EXERCISE DIRECTIONS:
With nothing added and nothing dropped, write out all of the entries below.
*** ENTRIES SUPPLIED
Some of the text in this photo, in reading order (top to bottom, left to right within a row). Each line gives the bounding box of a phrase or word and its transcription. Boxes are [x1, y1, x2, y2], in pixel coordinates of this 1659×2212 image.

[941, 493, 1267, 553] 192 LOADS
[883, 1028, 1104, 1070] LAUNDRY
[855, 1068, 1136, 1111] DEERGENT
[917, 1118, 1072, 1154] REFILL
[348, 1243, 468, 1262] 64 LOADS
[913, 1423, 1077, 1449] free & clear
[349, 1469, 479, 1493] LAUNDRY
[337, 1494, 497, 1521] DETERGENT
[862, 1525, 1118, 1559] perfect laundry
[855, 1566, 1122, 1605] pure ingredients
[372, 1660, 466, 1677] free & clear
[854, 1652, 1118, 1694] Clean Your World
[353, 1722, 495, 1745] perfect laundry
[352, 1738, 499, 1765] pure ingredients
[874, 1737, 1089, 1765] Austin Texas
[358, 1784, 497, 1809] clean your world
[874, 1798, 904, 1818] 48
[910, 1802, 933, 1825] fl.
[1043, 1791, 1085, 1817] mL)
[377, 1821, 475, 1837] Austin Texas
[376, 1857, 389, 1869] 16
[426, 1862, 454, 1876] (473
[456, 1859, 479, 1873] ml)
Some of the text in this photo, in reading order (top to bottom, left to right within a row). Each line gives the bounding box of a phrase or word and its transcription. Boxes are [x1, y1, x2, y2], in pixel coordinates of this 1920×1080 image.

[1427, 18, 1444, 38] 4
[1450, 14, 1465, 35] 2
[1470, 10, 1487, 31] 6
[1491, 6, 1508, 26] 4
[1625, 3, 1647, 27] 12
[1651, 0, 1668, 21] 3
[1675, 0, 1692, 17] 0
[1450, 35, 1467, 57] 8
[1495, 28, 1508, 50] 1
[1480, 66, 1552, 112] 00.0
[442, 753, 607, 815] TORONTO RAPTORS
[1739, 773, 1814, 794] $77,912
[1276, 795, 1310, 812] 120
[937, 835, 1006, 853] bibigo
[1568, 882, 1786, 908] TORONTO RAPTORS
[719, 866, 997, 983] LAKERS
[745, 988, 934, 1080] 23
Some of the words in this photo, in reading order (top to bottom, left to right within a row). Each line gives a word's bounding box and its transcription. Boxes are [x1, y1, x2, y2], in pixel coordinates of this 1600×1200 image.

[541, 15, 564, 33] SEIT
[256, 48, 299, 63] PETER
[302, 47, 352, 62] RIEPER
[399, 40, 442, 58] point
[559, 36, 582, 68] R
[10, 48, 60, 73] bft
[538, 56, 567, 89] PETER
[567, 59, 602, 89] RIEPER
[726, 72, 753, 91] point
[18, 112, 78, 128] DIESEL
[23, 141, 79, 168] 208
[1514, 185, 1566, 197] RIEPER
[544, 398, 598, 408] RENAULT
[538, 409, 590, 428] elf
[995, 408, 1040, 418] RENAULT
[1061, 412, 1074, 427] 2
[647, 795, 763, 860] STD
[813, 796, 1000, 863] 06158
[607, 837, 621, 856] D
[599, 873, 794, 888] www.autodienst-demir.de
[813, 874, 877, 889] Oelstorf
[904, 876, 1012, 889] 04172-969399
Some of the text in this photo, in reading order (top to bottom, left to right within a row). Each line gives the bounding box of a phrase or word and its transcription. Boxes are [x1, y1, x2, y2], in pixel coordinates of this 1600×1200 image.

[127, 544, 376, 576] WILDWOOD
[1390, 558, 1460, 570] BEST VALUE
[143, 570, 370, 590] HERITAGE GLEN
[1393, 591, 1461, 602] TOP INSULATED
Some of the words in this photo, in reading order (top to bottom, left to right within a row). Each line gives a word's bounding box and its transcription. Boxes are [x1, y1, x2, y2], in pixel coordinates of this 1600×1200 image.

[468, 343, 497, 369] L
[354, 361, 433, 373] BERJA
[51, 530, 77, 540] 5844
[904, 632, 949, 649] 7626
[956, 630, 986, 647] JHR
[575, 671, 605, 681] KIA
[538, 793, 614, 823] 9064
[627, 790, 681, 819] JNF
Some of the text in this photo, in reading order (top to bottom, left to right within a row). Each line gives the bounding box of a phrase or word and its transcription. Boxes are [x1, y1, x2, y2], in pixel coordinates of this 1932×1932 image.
******
YOUR SOLUTION:
Some of the text in this photo, in reading order (top to bottom, left to right within a row). Each line gives the bounding box of a phrase or word and its transcription. Boxes are [x1, y1, x2, y2], in pixel coordinates of this 1659×2212 image.

[941, 493, 1267, 553] 192 LOADS
[883, 1028, 1104, 1070] LAUNDRY
[855, 1068, 1136, 1111] DEERGENT
[917, 1118, 1072, 1154] REFILL
[348, 1243, 468, 1262] 64 LOADS
[913, 1423, 1077, 1449] free & clear
[349, 1469, 479, 1493] LAUNDRY
[337, 1494, 497, 1521] DETERGENT
[862, 1525, 1118, 1559] perfect laundry
[855, 1566, 1122, 1605] pure ingredients
[372, 1660, 466, 1677] free & clear
[854, 1652, 1118, 1694] Clean Your World
[353, 1722, 495, 1745] perfect laundry
[352, 1738, 499, 1765] pure ingredients
[874, 1737, 1089, 1765] Austin Texas
[358, 1784, 497, 1809] clean your world
[874, 1798, 904, 1818] 48
[910, 1802, 933, 1825] fl.
[1043, 1791, 1085, 1817] mL)
[377, 1821, 475, 1837] Austin Texas
[376, 1857, 389, 1869] 16
[426, 1862, 454, 1876] (473
[456, 1859, 479, 1873] ml)
Some of the text in this photo, in reading order (top to bottom, left to right within a row). Each line gives the bounding box of a phrase or word and its transcription. Boxes are [x1, y1, x2, y2], in pixel coordinates of this 1920×1080 image.

[1427, 18, 1444, 38] 4
[1450, 14, 1465, 35] 2
[1470, 10, 1487, 31] 6
[1491, 6, 1508, 26] 4
[1625, 3, 1647, 27] 12
[1651, 0, 1668, 21] 3
[1675, 0, 1692, 17] 0
[1450, 35, 1467, 57] 8
[1495, 28, 1508, 50] 1
[1480, 66, 1552, 112] 00.0
[442, 753, 607, 815] TORONTO RAPTORS
[1739, 773, 1814, 794] $77,912
[1276, 795, 1310, 812] 120
[937, 835, 1006, 853] bibigo
[1568, 882, 1786, 908] TORONTO RAPTORS
[719, 866, 997, 983] LAKERS
[745, 988, 934, 1080] 23
Some of the words in this photo, in reading order (top to bottom, left to right within a row). Each line gives a word's bounding box and its transcription. Boxes are [x1, y1, x2, y2], in pixel coordinates of this 1600×1200 image.

[541, 15, 564, 33] SEIT
[256, 48, 299, 63] PETER
[302, 47, 352, 62] RIEPER
[399, 40, 442, 58] point
[559, 36, 582, 68] R
[10, 48, 60, 73] bft
[538, 56, 567, 89] PETER
[567, 59, 602, 89] RIEPER
[726, 72, 753, 91] point
[18, 112, 78, 128] DIESEL
[23, 141, 79, 168] 208
[1514, 185, 1566, 197] RIEPER
[544, 398, 598, 408] RENAULT
[538, 409, 590, 428] elf
[995, 408, 1040, 418] RENAULT
[1061, 412, 1074, 427] 2
[647, 795, 763, 860] STD
[813, 796, 1000, 863] 06158
[607, 837, 621, 856] D
[599, 873, 794, 888] www.autodienst-demir.de
[813, 874, 877, 889] Oelstorf
[904, 876, 1012, 889] 04172-969399
Some of the text in this photo, in reading order (top to bottom, left to right within a row). Each line gives the bounding box of a phrase or word and its transcription. Boxes are [x1, y1, x2, y2], in pixel coordinates of this 1600×1200 image.

[127, 544, 376, 576] WILDWOOD
[1390, 558, 1460, 570] BEST VALUE
[143, 570, 370, 590] HERITAGE GLEN
[1393, 591, 1461, 602] TOP INSULATED
Some of the words in this photo, in reading order (top to bottom, left to right within a row). Each line gives a word's bounding box and its transcription. Boxes are [x1, y1, x2, y2], in pixel coordinates of this 1600×1200 image.

[468, 343, 497, 369] L
[354, 361, 433, 373] BERJA
[51, 530, 77, 540] 5844
[904, 632, 949, 649] 7626
[956, 630, 986, 647] JHR
[575, 671, 605, 681] KIA
[538, 793, 614, 823] 9064
[627, 790, 681, 819] JNF
Some of the text in this photo, in reading order (top to bottom, left to right within a row). Each line gives the bounding box of a phrase or word and its transcription. Boxes are [x1, y1, x2, y2], in pixel coordinates of this 1932×1932 image.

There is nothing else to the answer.